-------- Extracted material
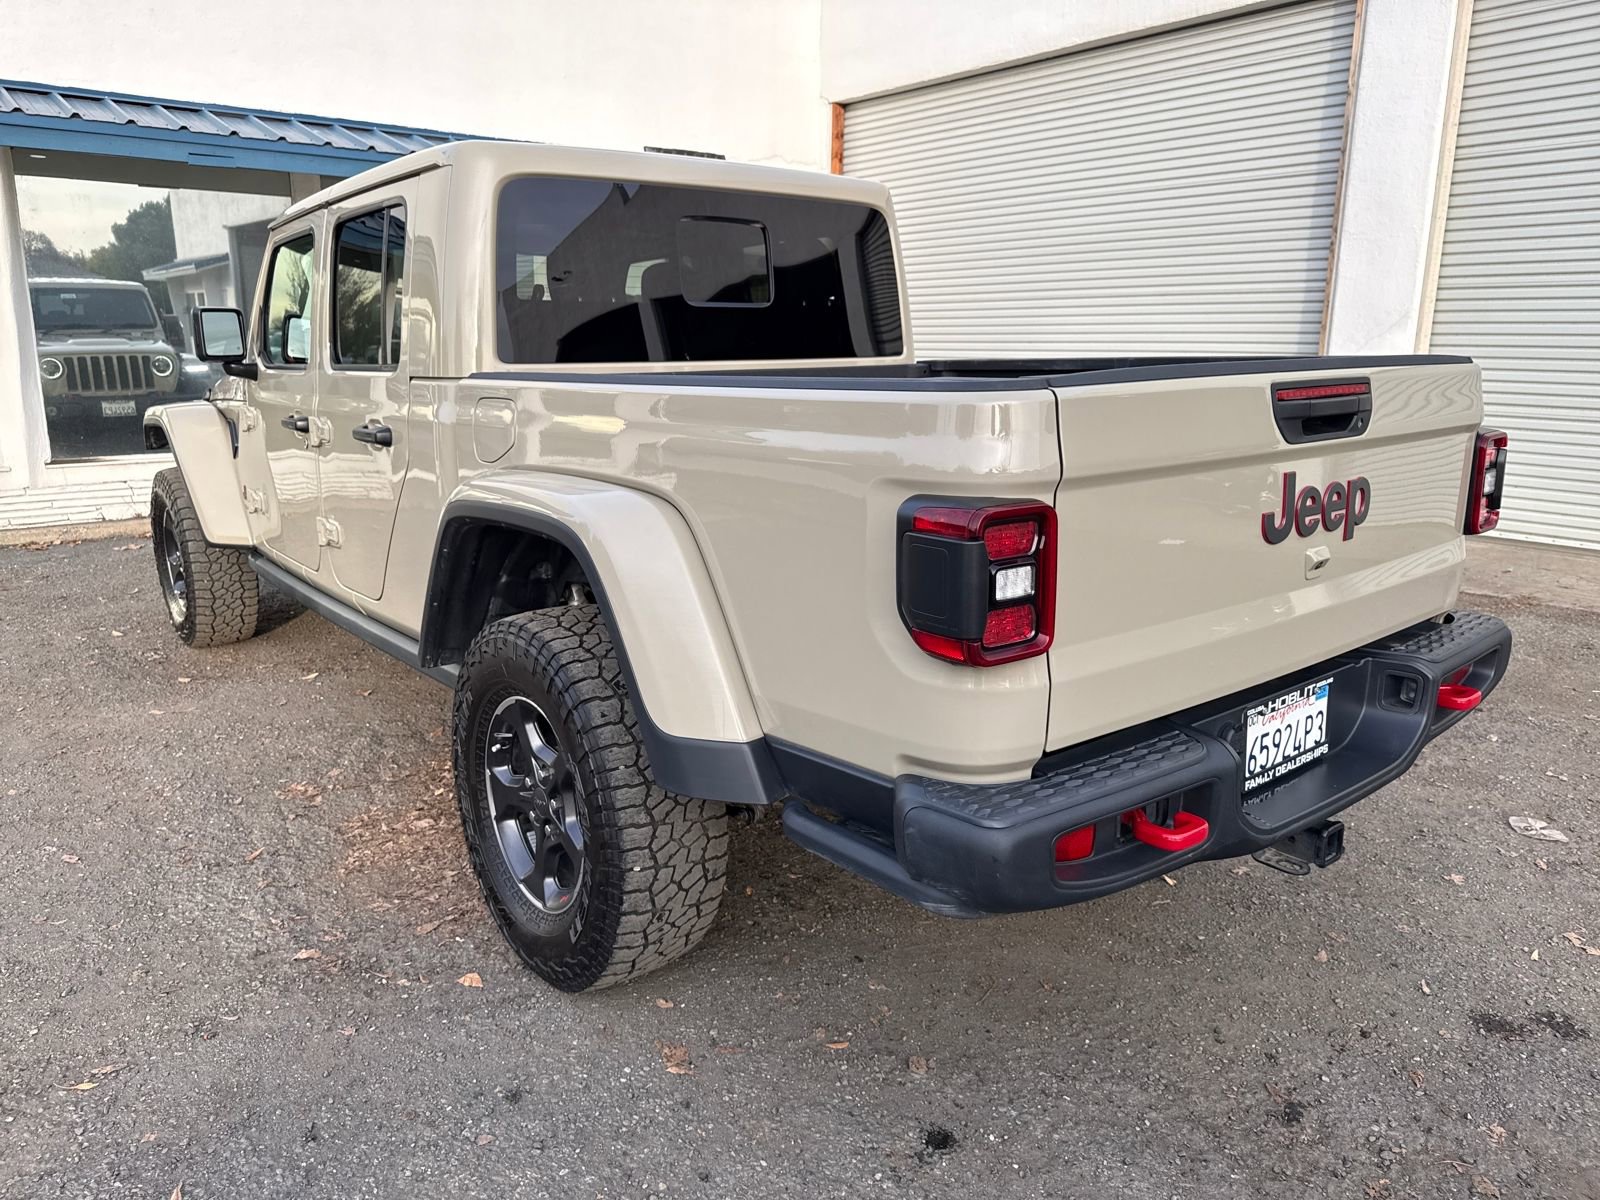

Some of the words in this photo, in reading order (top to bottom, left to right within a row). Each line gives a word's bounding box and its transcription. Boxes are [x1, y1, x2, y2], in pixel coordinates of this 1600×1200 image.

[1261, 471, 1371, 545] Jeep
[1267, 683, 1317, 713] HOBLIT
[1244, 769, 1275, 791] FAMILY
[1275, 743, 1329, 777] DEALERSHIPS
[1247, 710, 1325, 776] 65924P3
----------------
Work to complete = Output all of the data above exactly; no pictures should appear.

Completed exercise =
Some of the words in this photo, in reading order (top to bottom, left to right within a row). Each line gives a word's bounding box and its transcription. Boxes are [x1, y1, x2, y2], in pixel coordinates of this 1600×1200 image.

[1261, 471, 1371, 545] Jeep
[1267, 683, 1317, 713] HOBLIT
[1244, 769, 1275, 791] FAMILY
[1275, 743, 1329, 777] DEALERSHIPS
[1247, 710, 1325, 776] 65924P3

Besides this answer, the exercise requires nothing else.